Ryan Chiao, Photo Editor
The University has agreed to pay a total of $87,500 to four female cardiologists after the U.S. Department of Labor found the employees were compensated less than their male counterparts. The department released the settlement on Oct. 2.
While conducting a routine compliance review, the Department of Labor found that four female cardiologists were paid less than male faculty members of similar stature during the 2016-17 fiscal year. The four employees were clinicians in the cardiovascular medicine section of the School of Medicine. Per the settlement’s terms, the University does not admit wrongdoing and the employees sign away their rights to sue.
“We are fighting hard for women to have the same pay as men,” Elizabeth Jonas ’82, co-chair of the Committee on the Status of Women in Medicine at the School of Medicine, wrote in an email to the News. “I think the problem will never be solved until the University publishes all salaries and pays according to a scale set by rank and seniority.”
During its evaluation of the University, the Department of Labor’s Office of Federal Contract Compliance Programs found that Yale had violated requirements that employers not discriminate based on gender.
Vicki Schultz, professor of law and social sciences, said that she suspects the OFCCP looks for a “significant, non-random deviation from the norm,” when conducting compliance reviews.
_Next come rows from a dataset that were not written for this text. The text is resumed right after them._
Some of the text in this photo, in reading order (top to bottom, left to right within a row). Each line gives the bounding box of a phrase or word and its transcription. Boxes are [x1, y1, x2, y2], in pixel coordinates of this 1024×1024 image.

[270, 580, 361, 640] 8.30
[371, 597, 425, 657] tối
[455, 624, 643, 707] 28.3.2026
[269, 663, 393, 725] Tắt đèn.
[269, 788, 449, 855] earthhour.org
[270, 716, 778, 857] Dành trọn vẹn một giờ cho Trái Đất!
“Here there were 4 women being underpaid, not one, for example,” Schultz wrote in an email to the News. “The amounts were not trivial, and would be compounded over time through across-the-board, percentage raises.”
The University distributed the $87,500 among the four affected employees. Two of them received $27,500, while another got $20,000 and the last was awarded $12,500. These sums were calculated according to the back pay and interest that each employee should have received.
The four employees were hired when the Yale New Haven Health System acquired the practices where they worked. The practices’ compensation structures were kept intact during this transition. The previous contract led to the discrepancies in their salaries, the settlement stated.
University spokesperson Karen Peart underscored that the agreement involves only four employees out of more than 16,000 working at Yale. The OFCCP did not find any additional pay disparities, she added, and the cardiologists’ professional track has not existed for over two years. Instead, clinicians now work on the clinical track.
In the document, the OFCCP recognized that the hiring practice is no longer in place, and that compensation is now integrated into YNHH’s own payment system.
To receive the compensation, the employees had to agree not to file a discrimination suit against the University.
For its part, Yale must conduct internal audits and keep all records relevant to the violation. Additionally, the University must fill out progress reports on any pay adjustments for employees in the clinical track until September 2022 and submit these reports to the OFCCP.
Like other private employers, the University does not publicize faculty and staff pay, so many employees do not have a frame of reference for their salary compared to others in their field, Schultz explained.
“It’s almost impossible for people to know whether they are being underpaid relative to their peers based on impermissible criteria like sex or race,” Schultz told the News. “This is why measures to increase pay transparency, begun in the Obama administration but opposed by the current administration, are so important.”
The Office of Federal Contract Compliance Programs was created in 2009 as a subdivision of the Department of Labor.